• [Assignment]: Each line of the data has to be retyped exactly as it is.
--- START ---
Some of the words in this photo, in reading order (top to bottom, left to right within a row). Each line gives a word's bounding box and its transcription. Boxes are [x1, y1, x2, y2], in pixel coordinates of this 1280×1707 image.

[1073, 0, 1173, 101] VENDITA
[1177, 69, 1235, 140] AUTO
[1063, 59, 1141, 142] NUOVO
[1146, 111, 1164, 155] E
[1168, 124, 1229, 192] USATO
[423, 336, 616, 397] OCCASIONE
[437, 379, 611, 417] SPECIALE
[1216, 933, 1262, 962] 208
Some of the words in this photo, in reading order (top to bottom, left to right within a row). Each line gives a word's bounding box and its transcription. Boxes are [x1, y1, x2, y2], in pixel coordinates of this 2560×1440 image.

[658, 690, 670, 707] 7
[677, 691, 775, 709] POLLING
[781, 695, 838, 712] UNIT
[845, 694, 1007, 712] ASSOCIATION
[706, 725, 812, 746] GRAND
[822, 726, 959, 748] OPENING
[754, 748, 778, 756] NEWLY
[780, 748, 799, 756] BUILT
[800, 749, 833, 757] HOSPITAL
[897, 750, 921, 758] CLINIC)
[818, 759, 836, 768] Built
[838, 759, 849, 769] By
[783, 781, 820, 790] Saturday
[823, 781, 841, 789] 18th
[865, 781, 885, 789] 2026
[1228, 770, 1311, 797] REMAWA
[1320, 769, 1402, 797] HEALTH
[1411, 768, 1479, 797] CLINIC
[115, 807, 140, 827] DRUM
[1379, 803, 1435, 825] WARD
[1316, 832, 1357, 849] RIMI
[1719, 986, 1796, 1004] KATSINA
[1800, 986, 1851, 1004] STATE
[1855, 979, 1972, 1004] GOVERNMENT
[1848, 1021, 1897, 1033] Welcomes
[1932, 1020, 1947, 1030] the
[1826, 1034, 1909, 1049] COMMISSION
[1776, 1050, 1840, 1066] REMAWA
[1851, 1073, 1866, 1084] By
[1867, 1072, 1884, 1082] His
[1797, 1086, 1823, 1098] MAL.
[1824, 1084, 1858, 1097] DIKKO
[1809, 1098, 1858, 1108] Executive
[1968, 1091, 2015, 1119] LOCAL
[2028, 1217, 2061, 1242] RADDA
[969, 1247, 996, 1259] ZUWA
--- END ---
• [Exercise output]:
Some of the words in this photo, in reading order (top to bottom, left to right within a row). Each line gives a word's bounding box and its transcription. Boxes are [x1, y1, x2, y2], in pixel coordinates of this 1280×1707 image.

[1073, 0, 1173, 101] VENDITA
[1177, 69, 1235, 140] AUTO
[1063, 59, 1141, 142] NUOVO
[1146, 111, 1164, 155] E
[1168, 124, 1229, 192] USATO
[423, 336, 616, 397] OCCASIONE
[437, 379, 611, 417] SPECIALE
[1216, 933, 1262, 962] 208
Some of the words in this photo, in reading order (top to bottom, left to right within a row). Each line gives a word's bounding box and its transcription. Boxes are [x1, y1, x2, y2], in pixel coordinates of this 2560×1440 image.

[658, 690, 670, 707] 7
[677, 691, 775, 709] POLLING
[781, 695, 838, 712] UNIT
[845, 694, 1007, 712] ASSOCIATION
[706, 725, 812, 746] GRAND
[822, 726, 959, 748] OPENING
[754, 748, 778, 756] NEWLY
[780, 748, 799, 756] BUILT
[800, 749, 833, 757] HOSPITAL
[897, 750, 921, 758] CLINIC)
[818, 759, 836, 768] Built
[838, 759, 849, 769] By
[783, 781, 820, 790] Saturday
[823, 781, 841, 789] 18th
[865, 781, 885, 789] 2026
[1228, 770, 1311, 797] REMAWA
[1320, 769, 1402, 797] HEALTH
[1411, 768, 1479, 797] CLINIC
[115, 807, 140, 827] DRUM
[1379, 803, 1435, 825] WARD
[1316, 832, 1357, 849] RIMI
[1719, 986, 1796, 1004] KATSINA
[1800, 986, 1851, 1004] STATE
[1855, 979, 1972, 1004] GOVERNMENT
[1848, 1021, 1897, 1033] Welcomes
[1932, 1020, 1947, 1030] the
[1826, 1034, 1909, 1049] COMMISSION
[1776, 1050, 1840, 1066] REMAWA
[1851, 1073, 1866, 1084] By
[1867, 1072, 1884, 1082] His
[1797, 1086, 1823, 1098] MAL.
[1824, 1084, 1858, 1097] DIKKO
[1809, 1098, 1858, 1108] Executive
[1968, 1091, 2015, 1119] LOCAL
[2028, 1217, 2061, 1242] RADDA
[969, 1247, 996, 1259] ZUWA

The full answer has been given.